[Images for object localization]
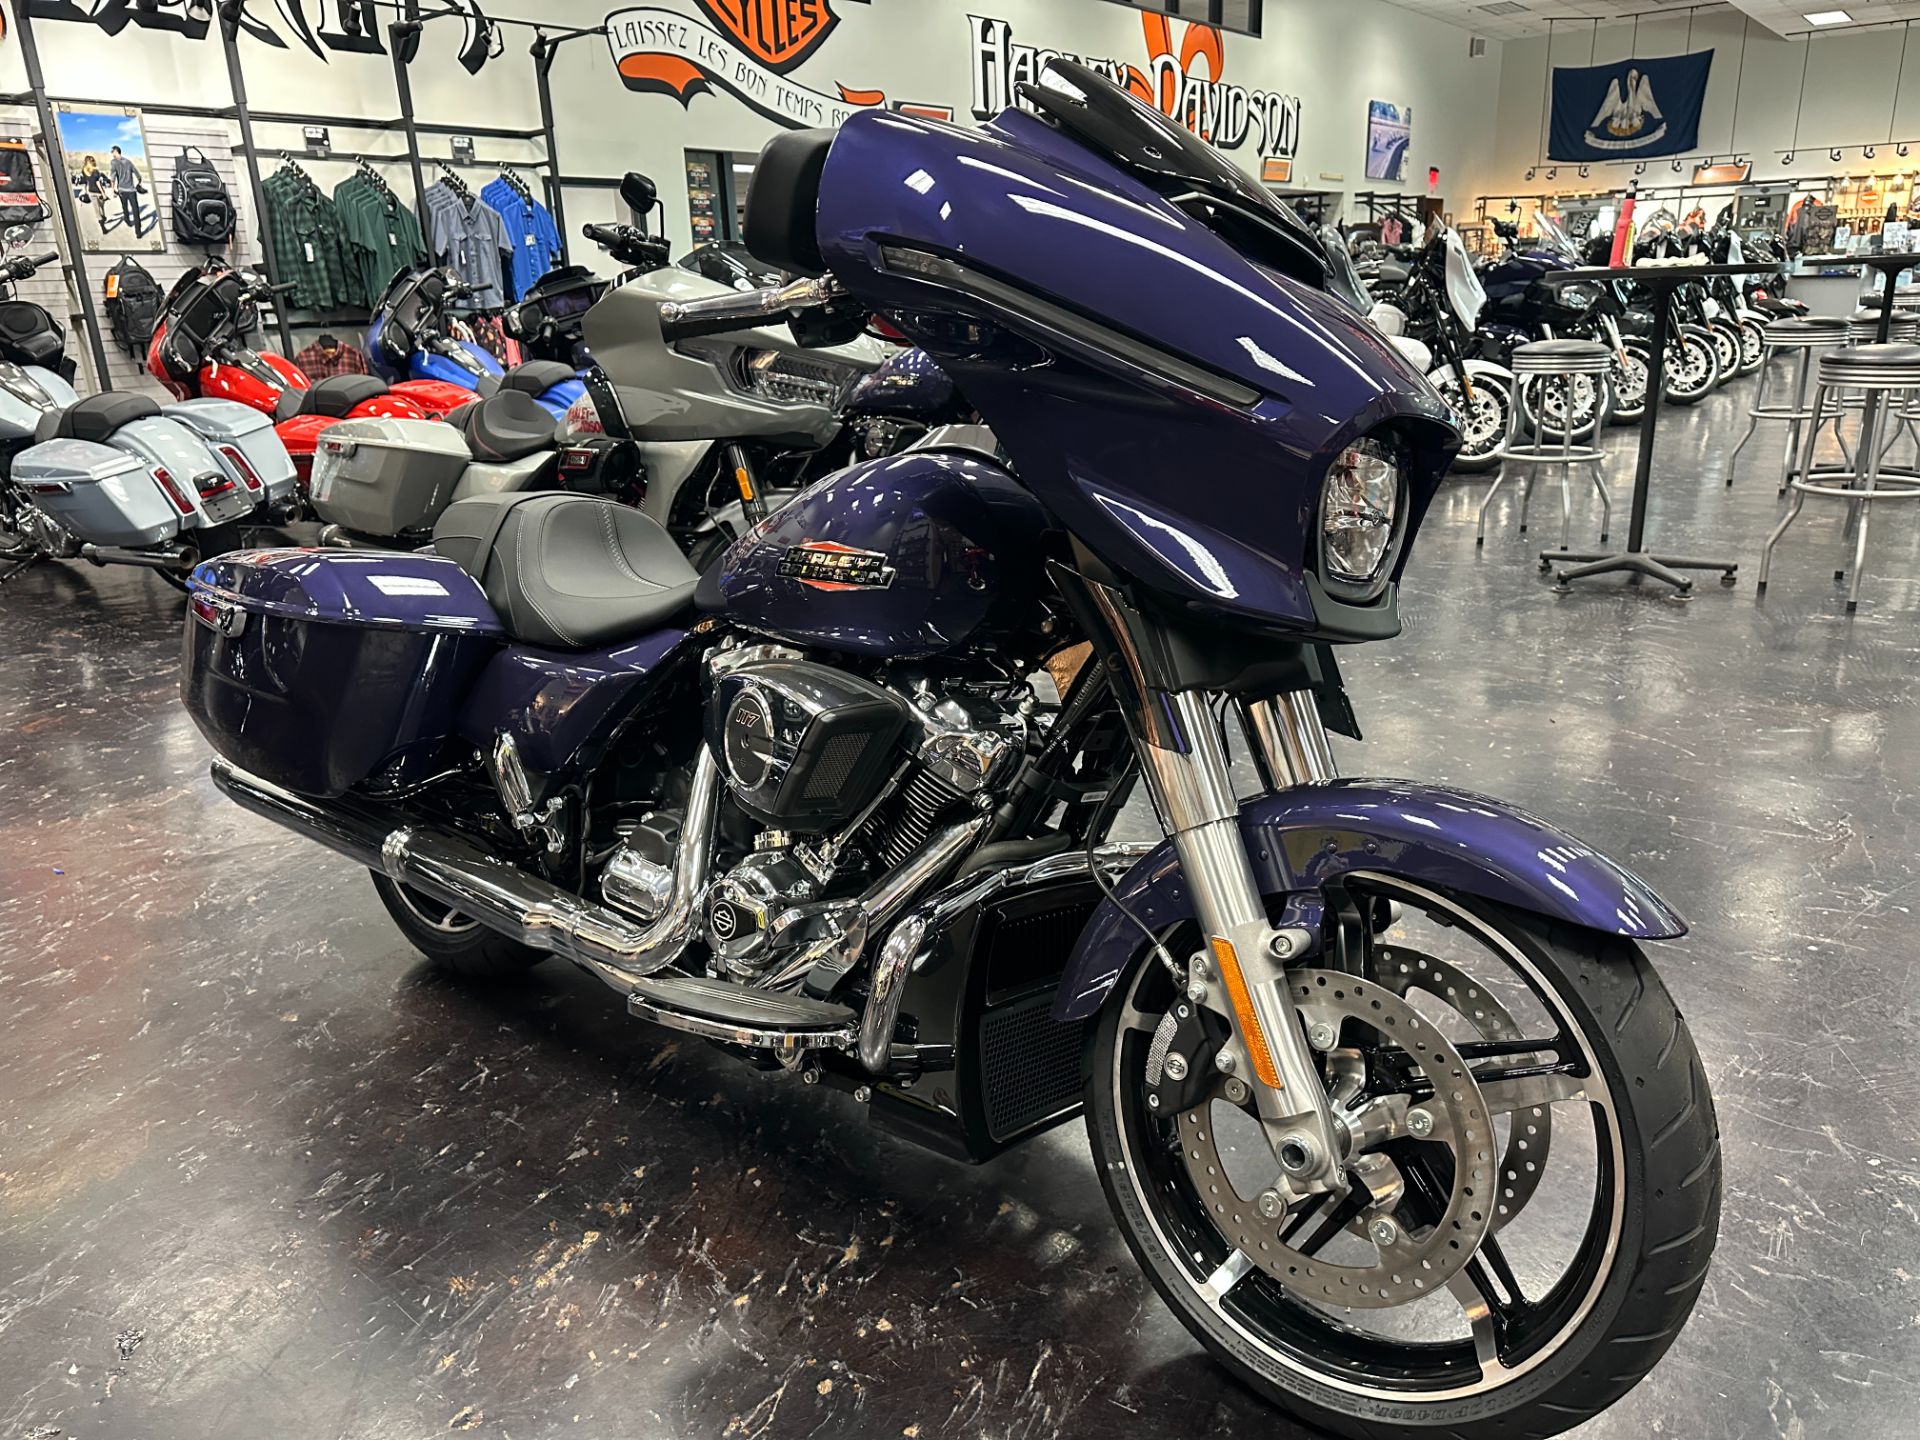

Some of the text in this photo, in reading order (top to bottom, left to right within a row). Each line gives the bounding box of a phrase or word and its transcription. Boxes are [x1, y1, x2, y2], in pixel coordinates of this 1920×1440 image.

[613, 20, 688, 49] LAISSEZ
[698, 35, 728, 71] LES
[735, 62, 768, 97] BON
[775, 85, 822, 123] TEMPS
[1150, 53, 1301, 158] DAVIDSON
[786, 550, 880, 568] HARLEY-
[735, 707, 761, 728] 117

Assignment:
Copy the data verbatim, skipping any image it holds.

Response area:
Some of the text in this photo, in reading order (top to bottom, left to right within a row). Each line gives the bounding box of a phrase or word and its transcription. Boxes are [x1, y1, x2, y2], in pixel coordinates of this 1920×1440 image.

[613, 20, 688, 49] LAISSEZ
[698, 35, 728, 71] LES
[735, 62, 768, 97] BON
[775, 85, 822, 123] TEMPS
[1150, 53, 1301, 158] DAVIDSON
[786, 550, 880, 568] HARLEY-
[735, 707, 761, 728] 117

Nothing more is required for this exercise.